Validators are functions that take the list of values of a filed, already type casted, and check if they meet some condition, like a minimum length.

Built-in validators#

Proper Forms includes several validators for common data needs. These are technically validator factories, because they take some arguments and return a validator as a function, tailored to your specific need. Example:

class MyForm(Form):
    birthday = Date(
        BeforeNow(),  # You need the "()" even without arguments
        After(datetime.date(1900, 1, 1)),
        required=True
    )

All of these have default error messages, but you can overwrite them using a message attribute if you like.

After#

After(dt, message=None)

Works with Date, DateTime, SplittedDateTime, and any other field that cast the values to dates.

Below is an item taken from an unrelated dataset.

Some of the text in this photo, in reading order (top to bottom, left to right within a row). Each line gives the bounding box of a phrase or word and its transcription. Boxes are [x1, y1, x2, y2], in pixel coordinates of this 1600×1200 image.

Validate that all of the dates happens after another one.

AfterNow#

AfterNow(message=None)

Works with Date, DateTime, SplittedDateTime, and any other field that cast the values to dates.

Validates that all of the dates happens in the future (the “now” at the moment of the validation).

Before#

Before(dt, message=None)

Works with Date, DateTime, SplittedDateTime, and any other field that cast the values to dates.

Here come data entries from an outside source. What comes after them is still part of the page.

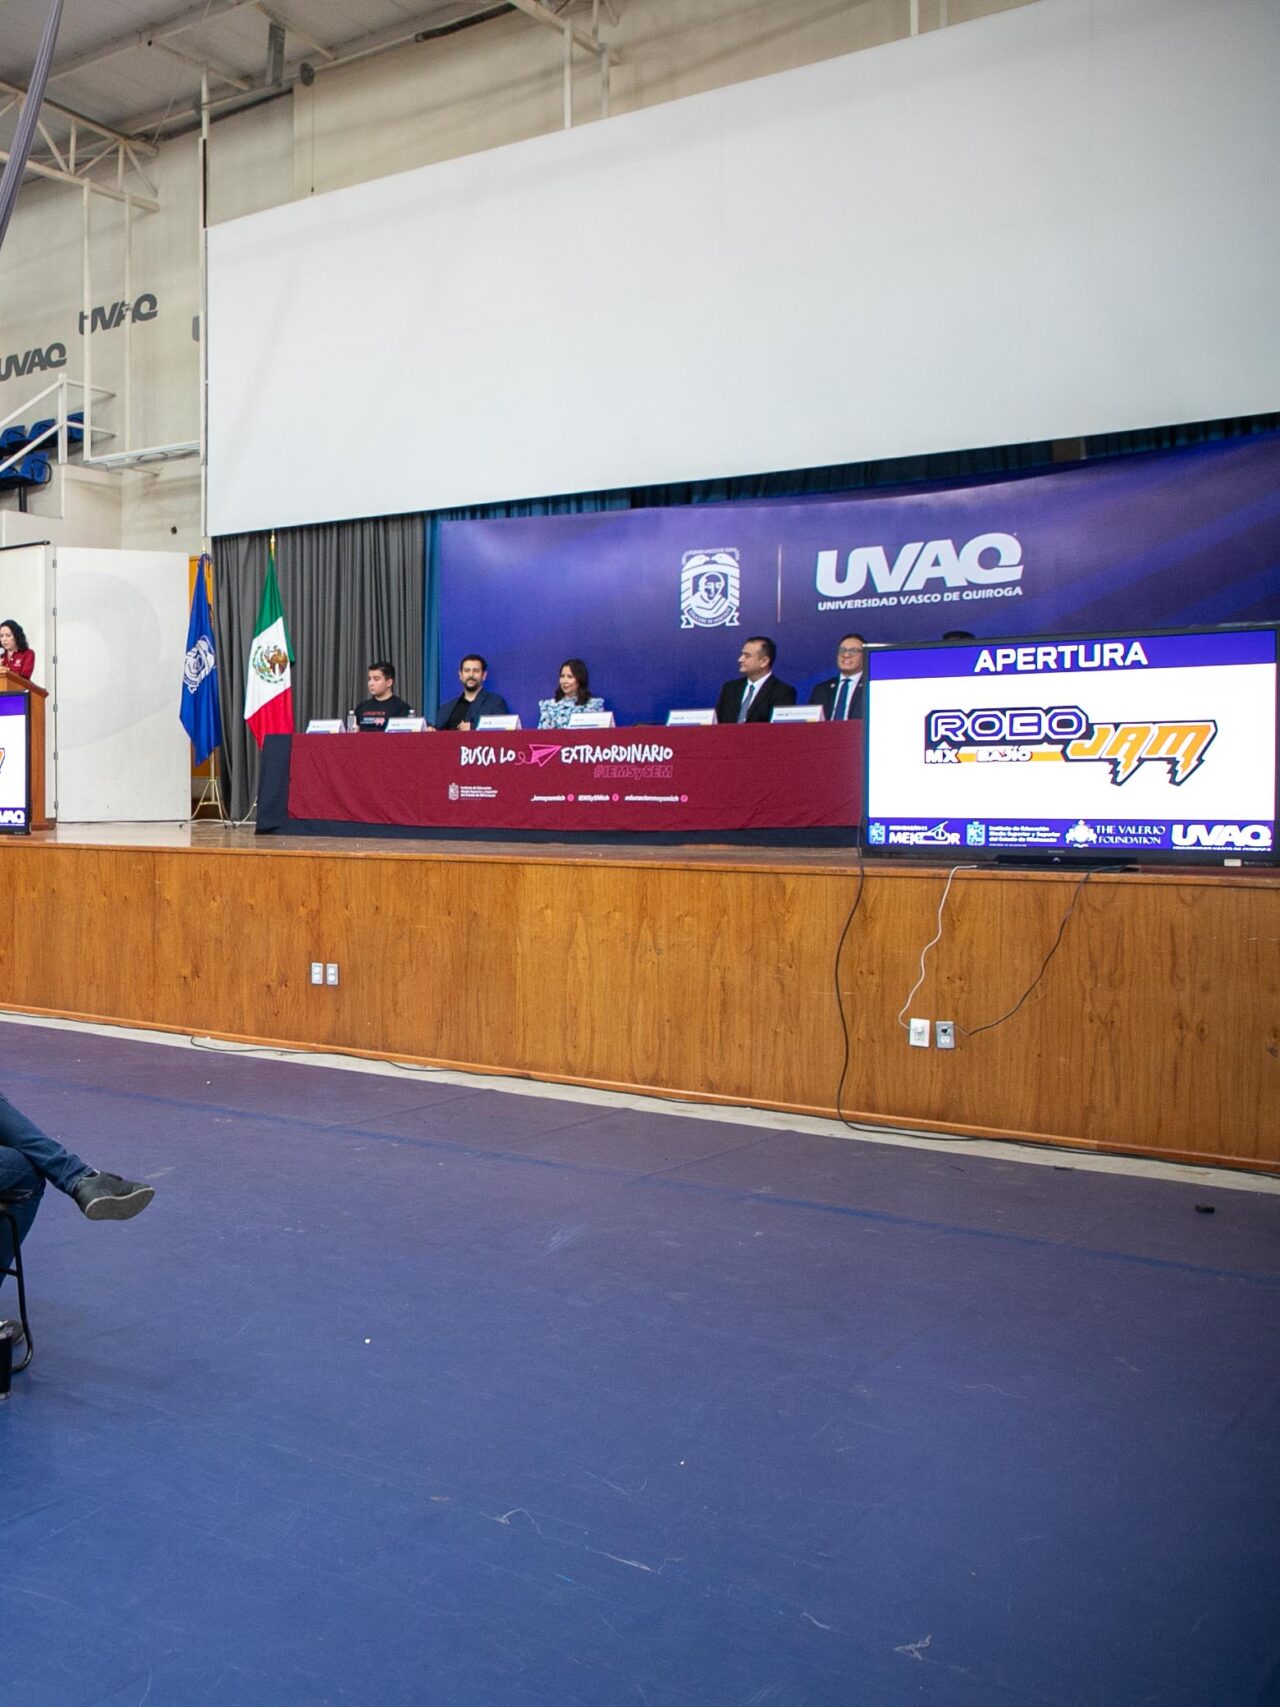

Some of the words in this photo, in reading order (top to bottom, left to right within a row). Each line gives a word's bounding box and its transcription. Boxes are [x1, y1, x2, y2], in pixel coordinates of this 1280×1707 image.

[815, 532, 1024, 598] UVAQ
[818, 597, 897, 611] UNIVERSIDAD
[899, 592, 941, 605] VASCO
[943, 591, 961, 602] DE
[962, 586, 1023, 600] QUIROGA
[974, 641, 1148, 673] APERTURA
[928, 706, 1088, 742] ROBO
[460, 745, 496, 767] BUSCA
[499, 746, 516, 765] LO
[560, 743, 674, 763] EXTRAORDINARIO
[925, 748, 960, 764] MX
[1066, 720, 1217, 785] JAM
[593, 765, 673, 781] #IEMSySEM
[1097, 825, 1116, 834] THE
[1118, 825, 1166, 835] VALERIO
[1099, 836, 1161, 845] FOUNDATION
[1172, 824, 1272, 847] UVAQ

Validate that all of the dates happens before another one.

BeforeNow#

BeforeNow(message=None)

Works with Date, DateTime, SplittedDateTime, and any other field that cast the values to dates.

Validates that all of the dates happens in the past (the “now” at the moment of the validation).

Confirmed#

Confirmed(message=None)

Validates that a value is identical every time has been repeated. Classic use is for password confirmation fields.

Work with every type of field.

InRange#

InRange(minval, maxval, message=None)

Validates that a value is of a minimum (minval) and a maximum (maxval) value.

This will work with integers, floats, decimals, strings, and any data type that can be compared.

LessThan#

LessThan(value, message=None)

Validates that a value is less or equal than another value (that can be an integer, a float, etc.)

This will work with integers, floats, decimals, strings, and any data type that can be compared.

MoreThan#

MoreThan(value, message=None)

Validates that a value is more or equal than another (that can be an integer, a float, etc.)

This will work with integers, floats, decimals, strings, and any data type that can be compared.

LongerThan#

LongerThan(length, message=None)

Validates the length of a value is longer or equal than a minimum length.

This will work with strings, and any data type that has a “length”.

ShorterThan#

ShorterThan(length, message=None)

Validates the length of a value is shorter or equal than a maximum length.

This will work with strings, and any data type that has a “length”.

Writing your custom validators#

Validators are just functions with two properties:

  1. They must take a list of values
  2. The must return True if all values “are ok”, or a tuple (False, "error message") if not.

Let’s write a custom validator to see it in practice:

def must_yell(values):
    for value in values:
        if value != value.upper():
            return False, "Please YELL."
    return True

And to use in a field, you pass it as an argument, like other validators:

class MyForm(Form):
    message = Text(must_yell, LongerThan(3), required=True)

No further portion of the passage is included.